| THE PROBLEM |
Where the data below shows a picture, leave that picture out and copy the rest exactly.

[Collected data]
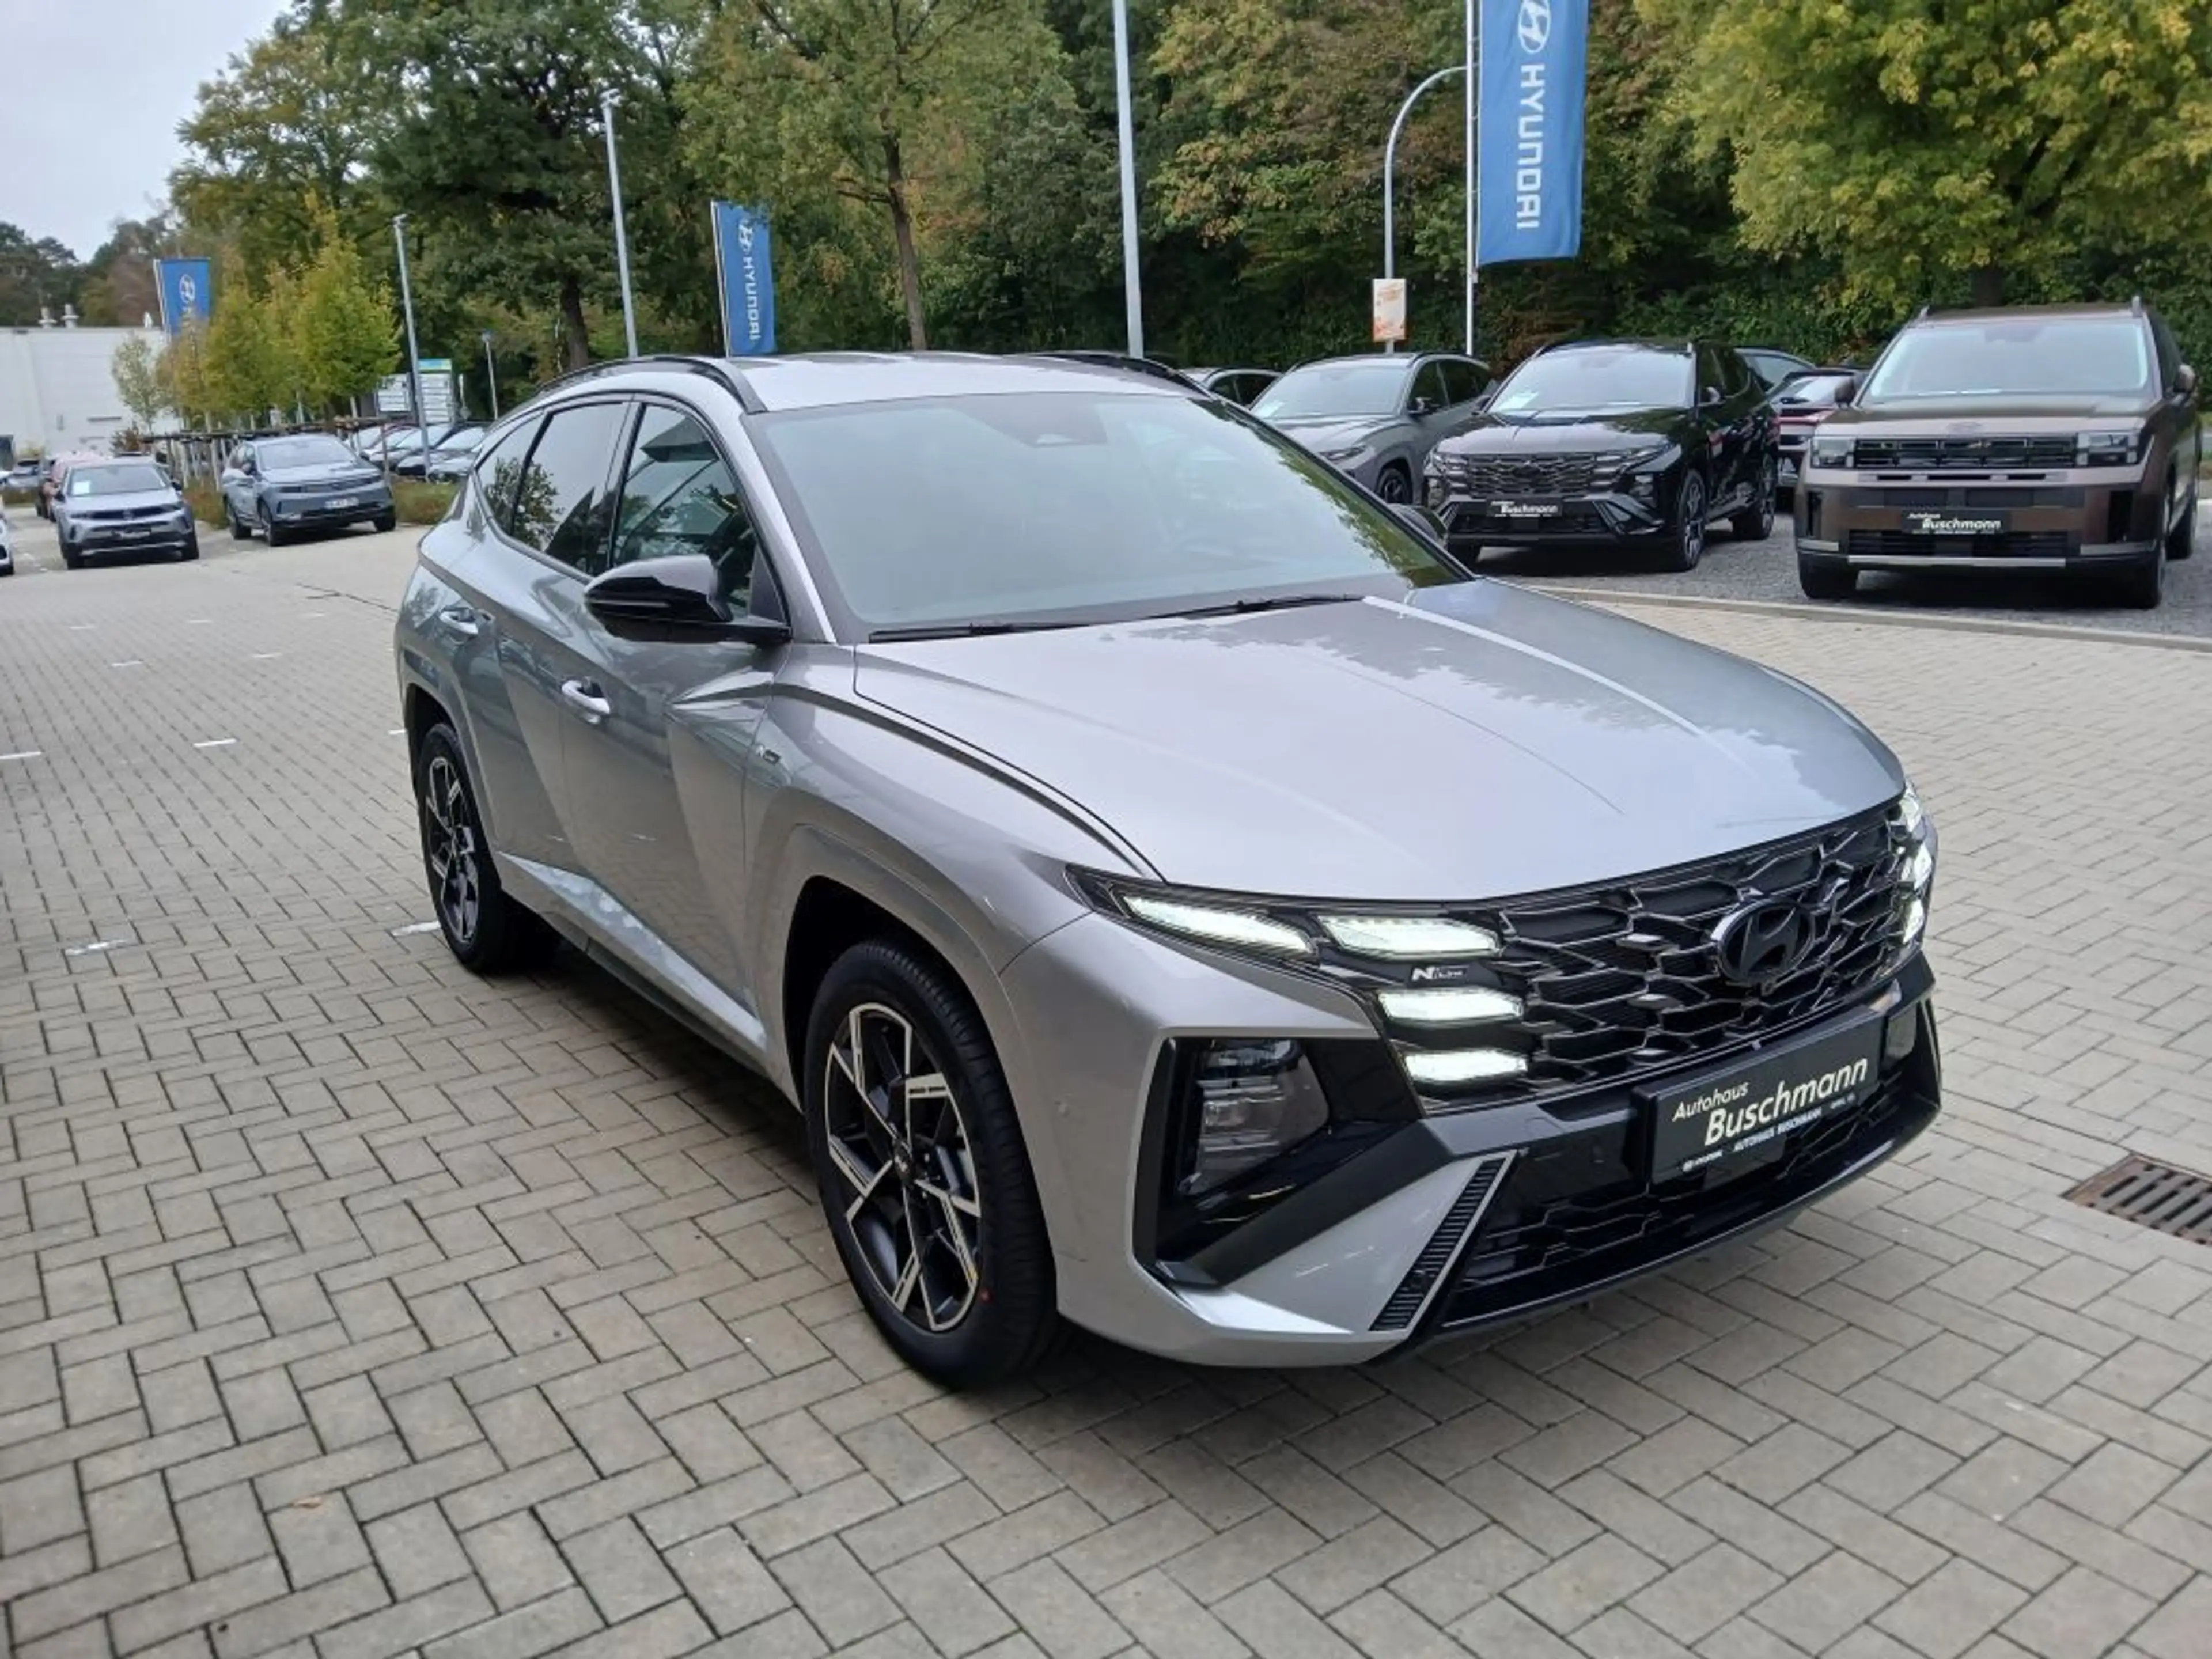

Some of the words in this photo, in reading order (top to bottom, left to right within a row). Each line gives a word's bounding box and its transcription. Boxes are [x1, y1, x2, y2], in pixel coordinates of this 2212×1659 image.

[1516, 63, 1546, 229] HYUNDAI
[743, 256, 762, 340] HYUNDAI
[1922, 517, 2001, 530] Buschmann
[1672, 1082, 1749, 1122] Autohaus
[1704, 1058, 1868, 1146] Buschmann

| YOUR RESPONSE |
Some of the words in this photo, in reading order (top to bottom, left to right within a row). Each line gives a word's bounding box and its transcription. Boxes are [x1, y1, x2, y2], in pixel coordinates of this 2212×1659 image.

[1516, 63, 1546, 229] HYUNDAI
[743, 256, 762, 340] HYUNDAI
[1922, 517, 2001, 530] Buschmann
[1672, 1082, 1749, 1122] Autohaus
[1704, 1058, 1868, 1146] Buschmann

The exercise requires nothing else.